VERKAUFT DER KANZLER AUCH NOCH DIE RENTE AN DIE PDS?: Die Sowjets kommen
Die Union kriegt sich nicht mehr ein. Gerhard Schröder hat mit der PDS verhandelt, um für seine Steuerreform eine Mehrheit zu bekommen. Ein Anschlag auf die Demokratie sei das, empören sich CDU und CSU, einfach unglaublich, schamlos, skrupellos. Und jetzt hat die SPD die PDS auch noch ganz offiziell zum nächsten Konsensgespräch über die Renten eingeladen. Ungeheuerlich! „Schröder verkauft die Rentner an die PDS“, findet CDU-Generalsekretär Ruprecht Polenz. Nicht nur die Rentner, liebe Christdemokraten, Schröder verkauft die freiheitlich-demokratische Grundordnung gleich mit. Unser ganzes Land verhökert er an diese Kommunisten! Die Sowjets sind wahrscheinlich schon auf dem Weg nach Berlin.

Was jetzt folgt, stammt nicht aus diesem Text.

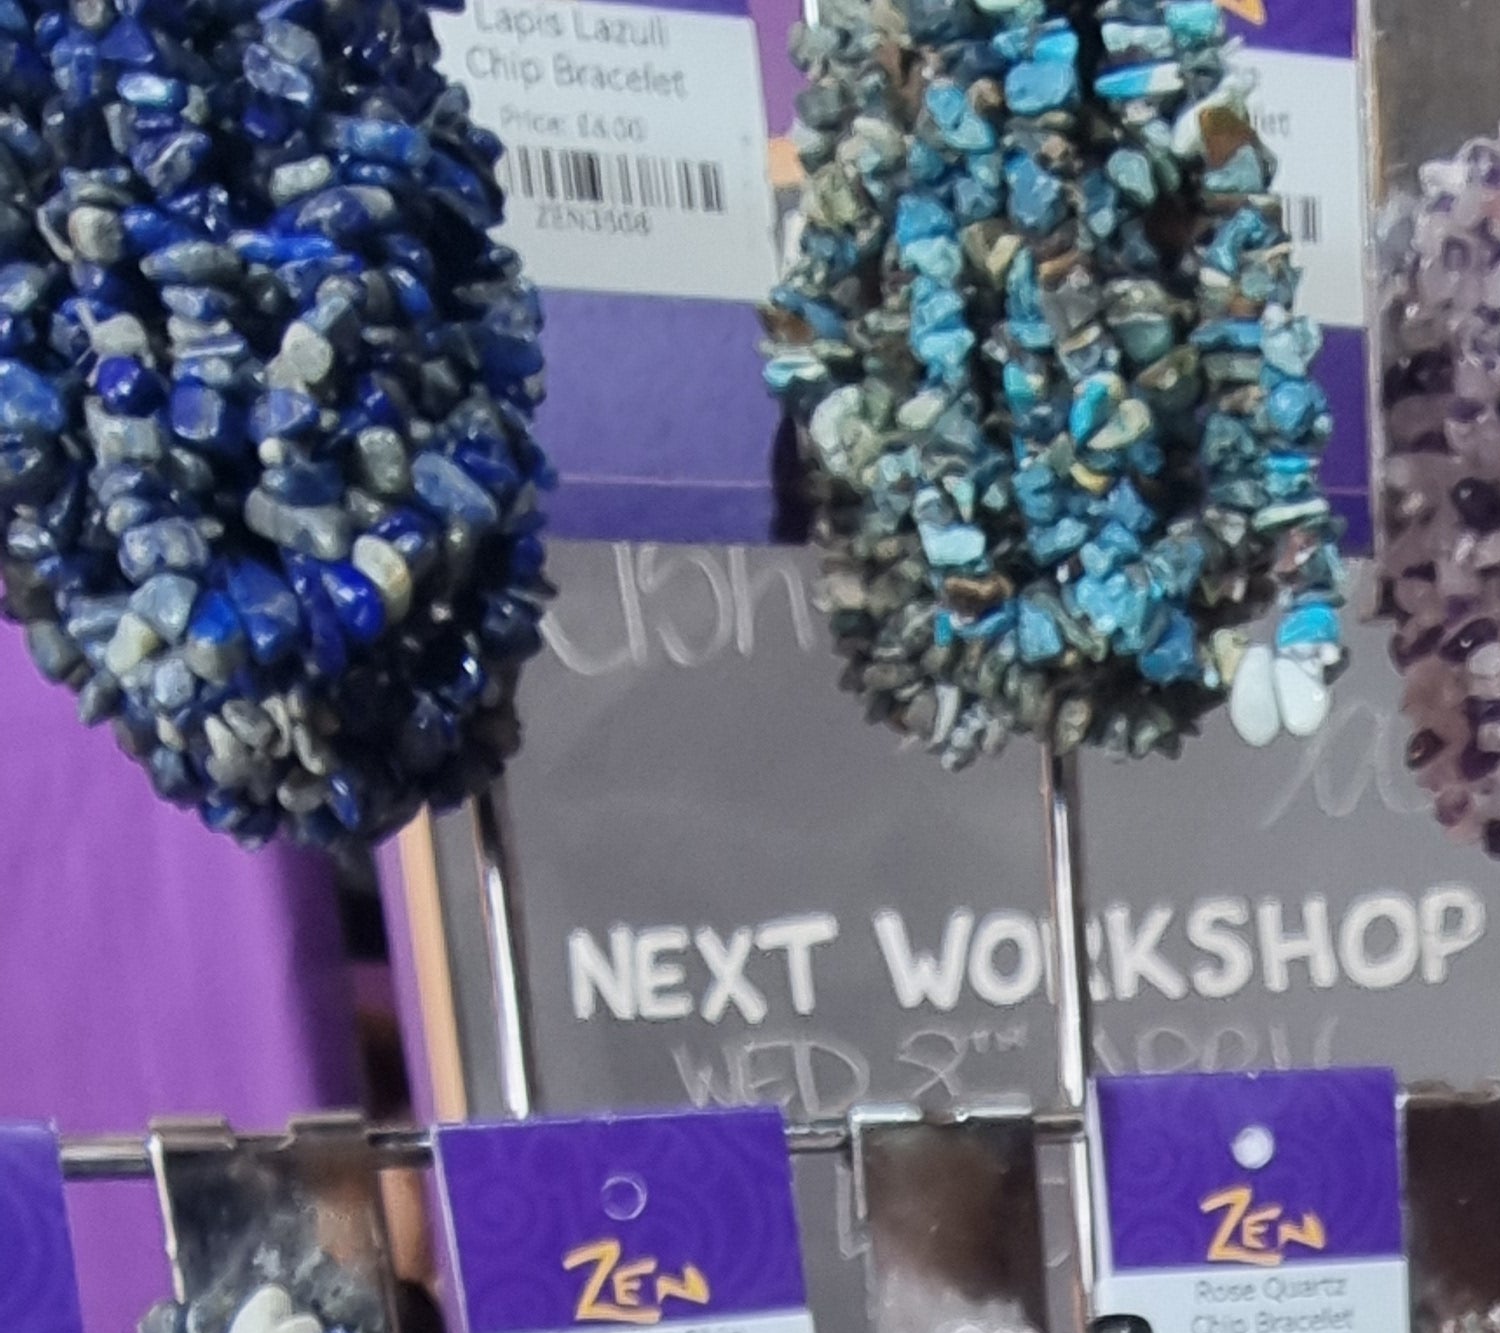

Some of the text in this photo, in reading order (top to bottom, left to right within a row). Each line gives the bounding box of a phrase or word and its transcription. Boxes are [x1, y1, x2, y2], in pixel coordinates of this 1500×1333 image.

Seit 1989 grenzen CDU und CSU (mit langjähriger Unterstützung von SPD, FDP und Grünen) die PDS aus. Zur Begründung ihrer Strategie, wenn man das Empörungs-Gestammel ausnahmsweise mal so bezeichnen darf, ist ihnen in all den Jahren jedoch kein einziger vernünftiger Gedanke gekommen. Die Union hat mit so wenig Substanz zwar die Bundestagswahlen 1994 gewonnen, aber ansonsten die PDS nur stark gemacht. Man darf das CDU und CSU ruhig vorwerfen. Gleichzeitig soll jedoch nicht unerwähnt bleiben, dass sie mittlerweile selbst nicht mehr so recht an den Nutzen ihres Ausgrenzungskurses glauben. Vor ein paar Wochen hat die Unionsfraktion zum ersten Mal gemeinsam mit der PDS einen Gesetzentwurf in den Bundestag eingebracht. Trotzdem werfen CDU und CSU Schröder Skrupellosigkeit vor und tun damit immer noch so, als gäbe es einen Grund, die PDS zu fürchten. Es gibt aber keinen. Die Sozialisten sind links, langweilig und konservativ.

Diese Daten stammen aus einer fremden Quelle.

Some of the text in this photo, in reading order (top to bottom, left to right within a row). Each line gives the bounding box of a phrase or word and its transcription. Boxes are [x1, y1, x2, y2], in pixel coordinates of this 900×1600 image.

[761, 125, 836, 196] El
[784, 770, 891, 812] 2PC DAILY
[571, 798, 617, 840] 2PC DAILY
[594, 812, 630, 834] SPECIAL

Schröder hat das von ihm bis dahin selbst verteidigte Tabu, mit der PDS auf Bundesebene nicht zu verhandeln, ganz beiläufig gebrochen. Das ist nicht skrupellos, sondern vernünftig. Schröder nimmt damit die Realität zur Kenntnis, dass die PDS im Bundestag und in Mecklenburg-Vorpommern in der Regierung sitzt. Aufregen kann man sich darüber, dass der Schachzug des Kanzlers die reine Machtpolitik ist. Wenn es ihm hilft, wird er die PDS beim nächsten Mal auch wieder ausladen.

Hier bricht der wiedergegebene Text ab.